Im Tod, sagte Seneca, sind alle Menschen gleich. Im Leben gibt es nur wenige Orte, an denen soziale Unterschiede in den Hintergrund treten. Das Schwimmbad, so hört man immer wieder, sei so ein Ort. Schon einige Minuten an der Kassa scheinen die Theorie vom Bad als sozialem Melting Pot zu belegen: Auf den über 80-jährigen Herrn folgt ein Student mit Skateboard, der sich seine ermäßigte "Bäderlegitimationskarte" abholt. Als Nächstes in der Schlange: ein Vater mit seinem Sohn, eine Mutter, die ihre Töchter zum Schwimmunterricht bringt, eine ältere Dame und dann ein weiterer Vater, der – diesmal auf Russisch – Eintrittskarten für sich und seine Kinder kauft.

Barbara kennt ihn bereits, wie die meisten der Gäste. "Die Leute bleiben ihrem Bad treu", sagt sie, die als gebürtige Polin auch Russisch spricht. Schon mehr als 20 Jahre arbeitet sie bei den Wiener Bädern, seit einigen Jahren an der Kassa des Amalienbads. Der Schimmbadbesuch beginnt mit ihrem herzlichen Lachen und einem der farbigen Bändchen, die in Kästchen auf ihrem Schreibtisch liegen. Rot für Frauen, die in die Schwimmhalle wollen, Blau für Männer. "Die hier für Herren, die in die Sauna gehen, Grau, wenn sie Kästchen und Kabine wollen – ein ausgeklügeltes Farbsystem.

Barbara kennt die meisten der Gäste.
Foto: Regine Hendrich

Das 1926 eröffnete Amalienbad gehört zu den ältesten der Stadt. Es wurde im Rahmen des städtischen Bäderprogramms errichtet, das der Wiener Gemeinderat einige Jahre zuvor beschlossen hatte. Das Rote Wien setzte auf präventive Gesundheitspolitik. Nur wenige Haushalte verfügten damals über eigene Waschräume, dementsprechend schlecht war es um die Körperhygiene bestellt. Doch beim Bäderbau ging es nicht nur um Krankheitsprävention und körperliche Fitness: Der Badespaß sollte kein Privileg der Reichen mehr sein.

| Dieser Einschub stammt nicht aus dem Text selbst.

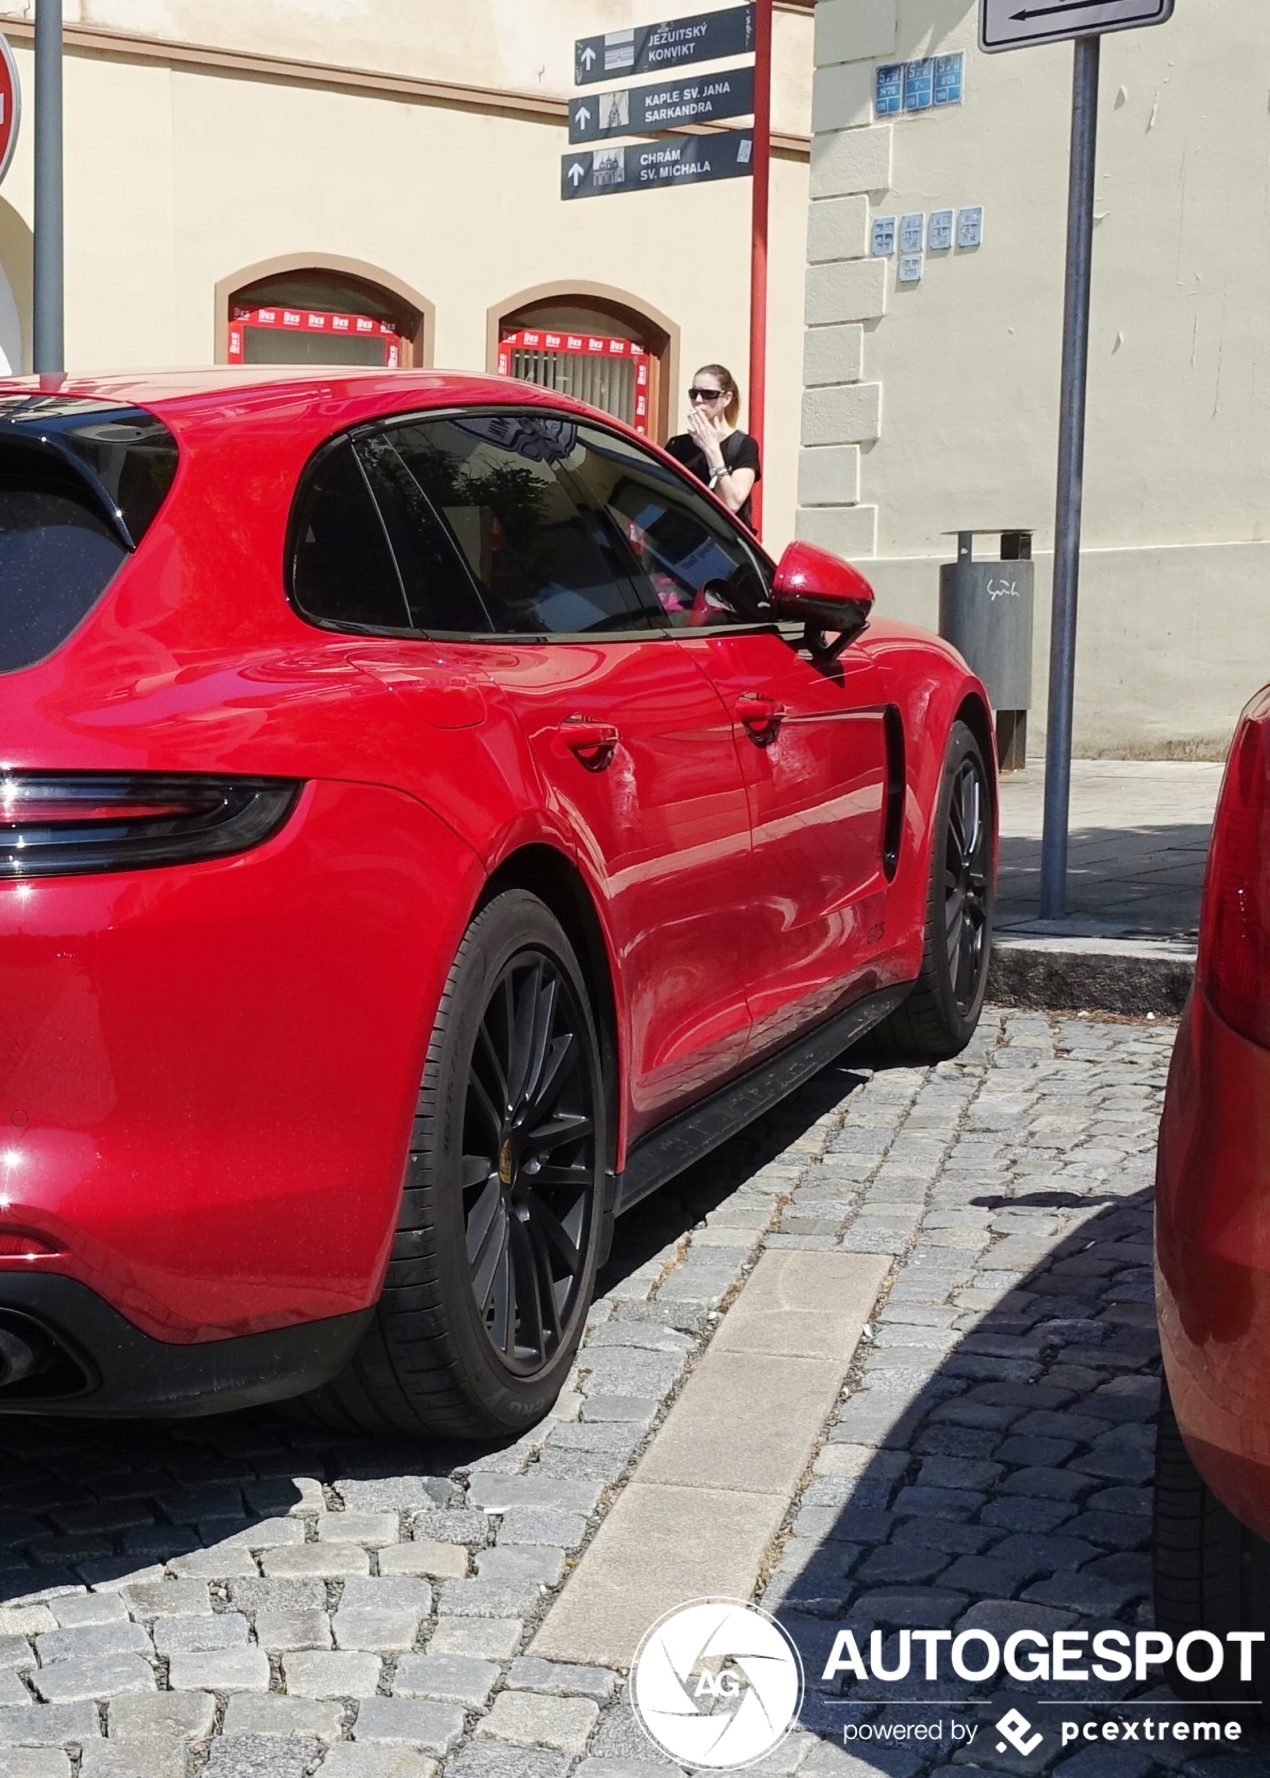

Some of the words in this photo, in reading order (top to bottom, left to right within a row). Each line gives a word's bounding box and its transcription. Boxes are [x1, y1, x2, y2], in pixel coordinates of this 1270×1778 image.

[648, 22, 708, 47] JEZUITSKÝ
[648, 42, 696, 63] KONVIKT
[645, 90, 680, 107] KAPLE
[683, 87, 700, 101] SV.
[702, 81, 731, 98] JANA
[645, 101, 713, 123] SARKANDRA
[640, 148, 681, 166] CHRÁM
[640, 168, 657, 181] SV.
[659, 160, 711, 178] MICHALA

Weshalb man das Amalienbad, die damals "größte und modernste Badeanstalt Mitteleuropas", wie die Arbeiter-Zeitung schrieb, auch mitten in den "Proletarierbezirk" Favoriten baute. Weitere Bäder folgten, Wien wurde zur vielgelobten "Bäderstadt". 38 Stück gibt es heute – verteilt über die ganze Stadt. Soziale Orte sollen es sein, heißt es in der "Bäderstrategie 2030" – Orte, "an denen sich alle wohlfühlen".

Das Amalienbad galt bei der Eröffnung 1926 als "modernste und größte Badeanstalt Mitteleuropas".
Foto: Regine Hendrich

Die ersten Züge

Wer in die prunkvolle Schwimmhalle des Amalienbads will – ein Schmuckstück im Art-déco-Stil –, muss an Vladan vorbei: Er scannt die bunten Bändchen, die Barbara an der Kassa ausgegeben hat. Vladan liebt die Arbeit bei den Wiener Bädern: super Atmosphäre, freundliche Gäste, nette Mitarbeiter. "Kollege, komm mal her!" Fitim, der herbeigerufene Kollege, stimmt zu: Der Kontakt mit den Menschen – alle Altersklassen, alle Nationalitäten – sei es, was den Job ausmache.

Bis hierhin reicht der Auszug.